SUPPLIED ENTRIES:
------------------------

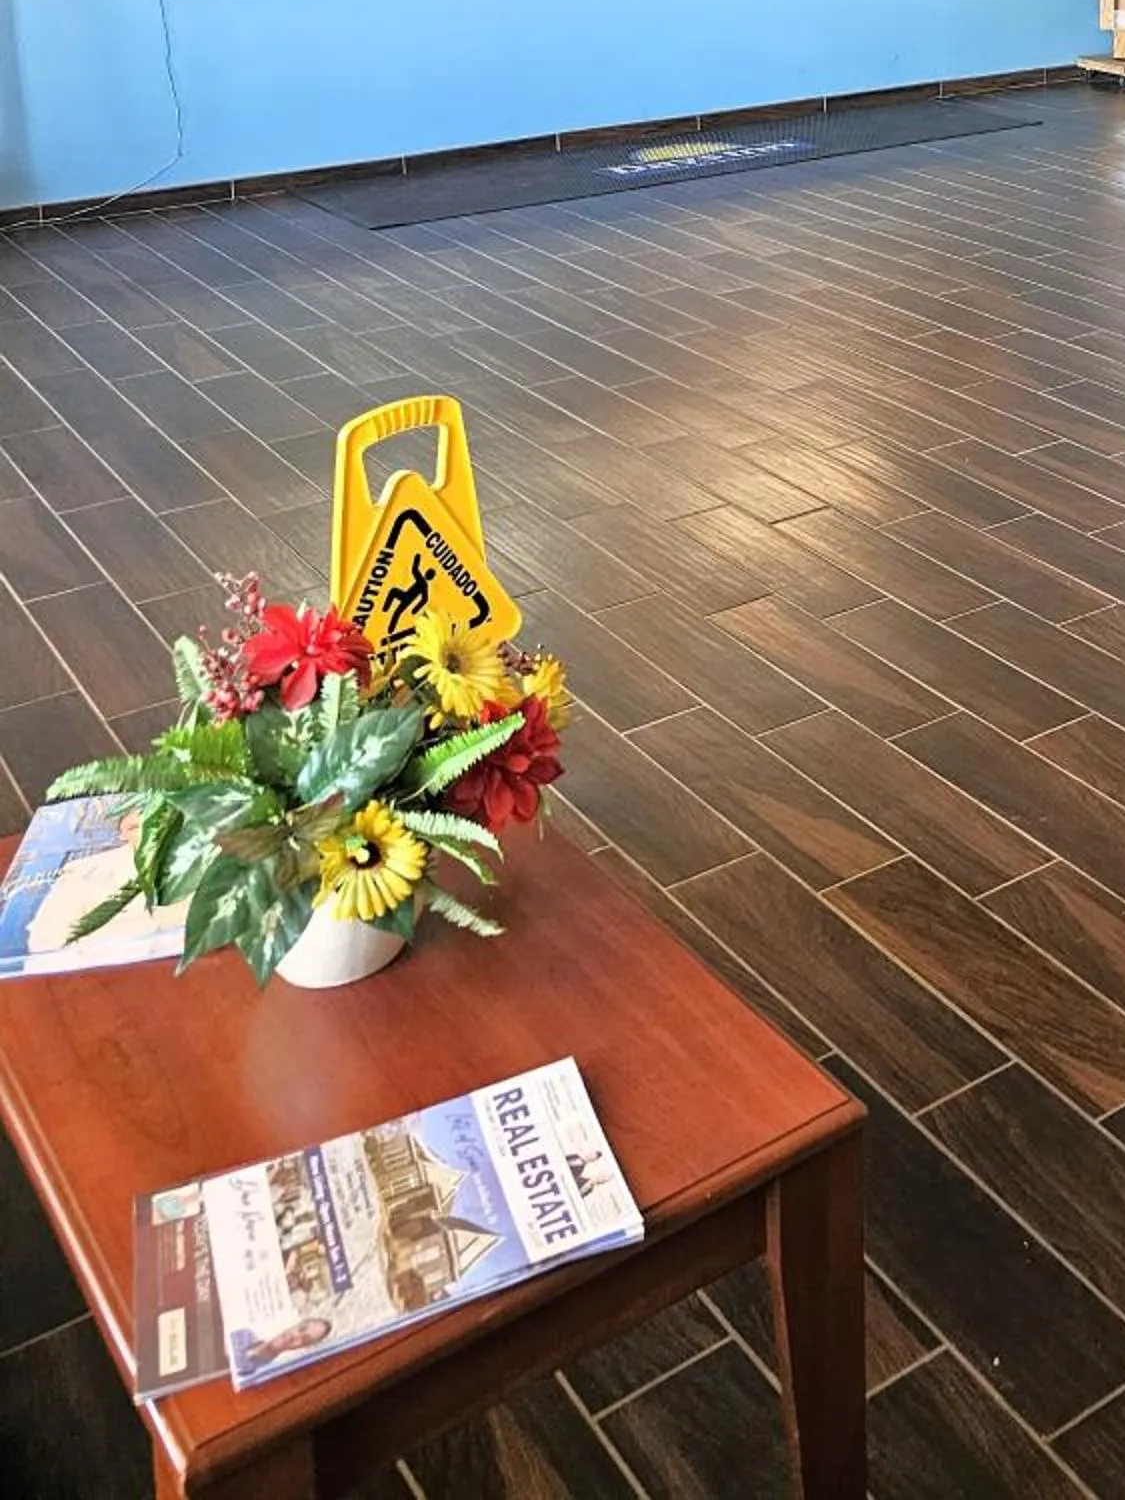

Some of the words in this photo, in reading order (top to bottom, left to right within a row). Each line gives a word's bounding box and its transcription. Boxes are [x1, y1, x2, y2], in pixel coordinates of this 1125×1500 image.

[352, 547, 394, 631] AUTION
[426, 532, 477, 596] CUIDADO
[493, 1087, 540, 1157] REAL
[516, 1153, 579, 1244] ESTATE
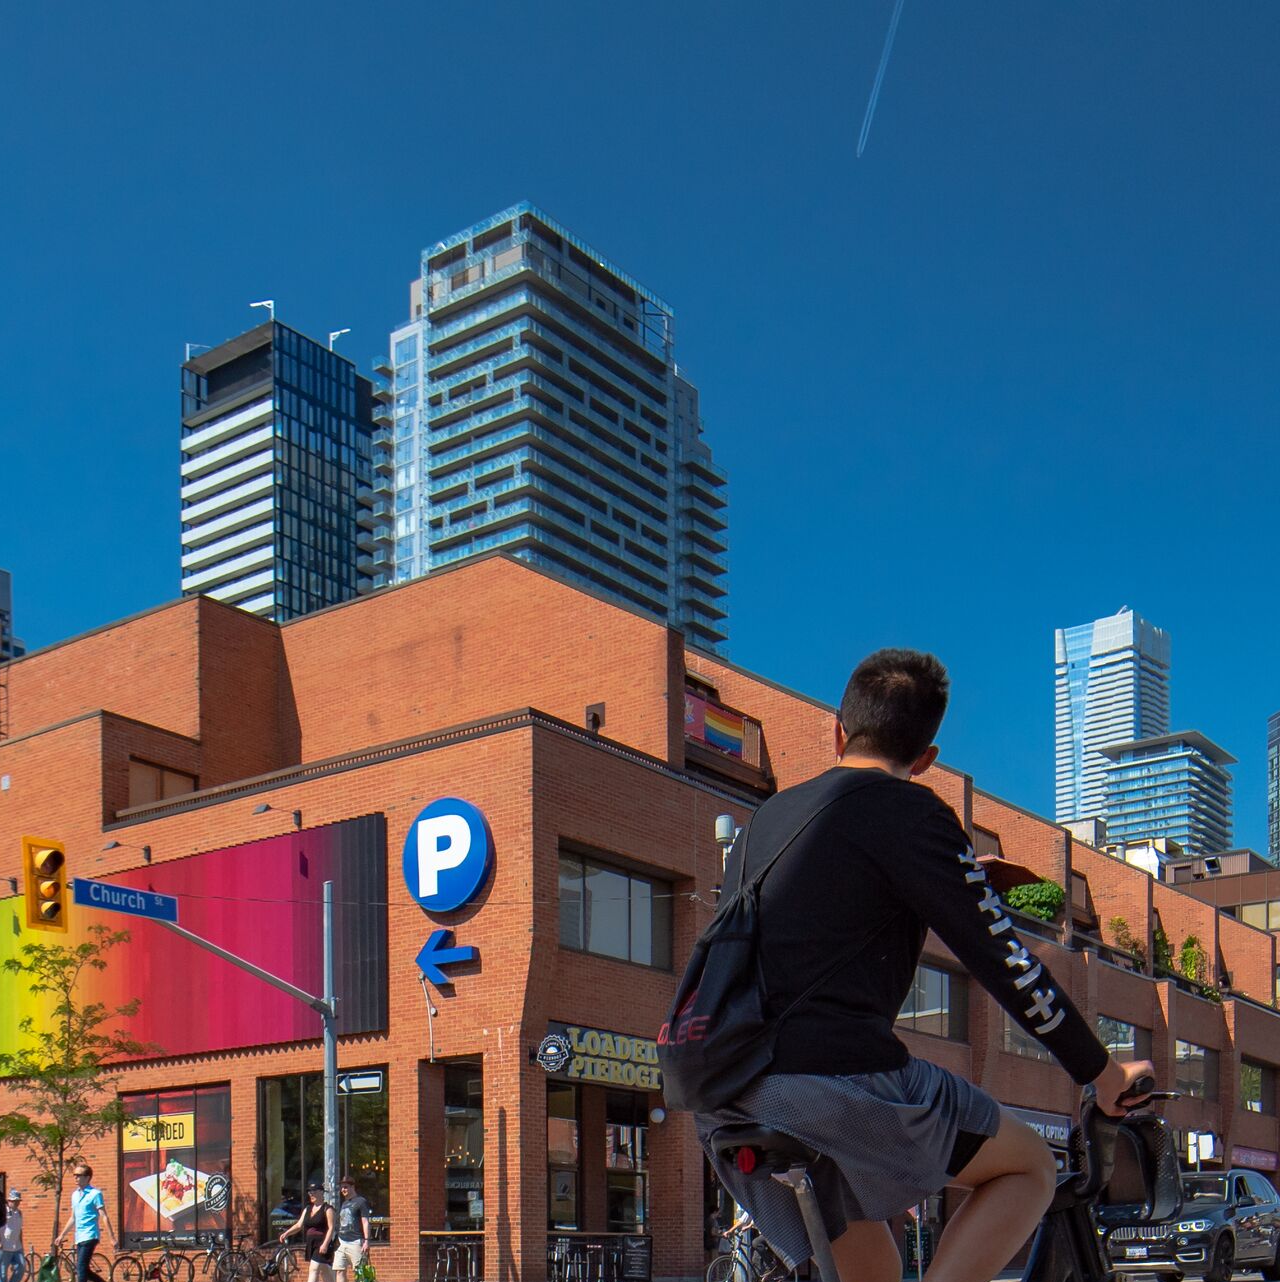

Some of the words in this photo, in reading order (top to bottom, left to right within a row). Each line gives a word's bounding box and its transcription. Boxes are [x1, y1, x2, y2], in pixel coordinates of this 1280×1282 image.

[417, 814, 472, 898] P
[89, 884, 146, 910] Church
[567, 1027, 659, 1065] LOADED
[568, 1056, 661, 1090] PIEROGI

------------------------

DESCRIPTION OF THE TASK:
Return every record exactly, minus the pictures.

TASK ANSWER:
Some of the words in this photo, in reading order (top to bottom, left to right within a row). Each line gives a word's bounding box and its transcription. Boxes are [x1, y1, x2, y2], in pixel coordinates of this 1125×1500 image.

[352, 547, 394, 631] AUTION
[426, 532, 477, 596] CUIDADO
[493, 1087, 540, 1157] REAL
[516, 1153, 579, 1244] ESTATE

Some of the words in this photo, in reading order (top to bottom, left to right within a row). Each line gives a word's bounding box and its transcription. Boxes are [x1, y1, x2, y2], in pixel coordinates of this 1280×1282 image.

[417, 814, 472, 898] P
[89, 884, 146, 910] Church
[567, 1027, 659, 1065] LOADED
[568, 1056, 661, 1090] PIEROGI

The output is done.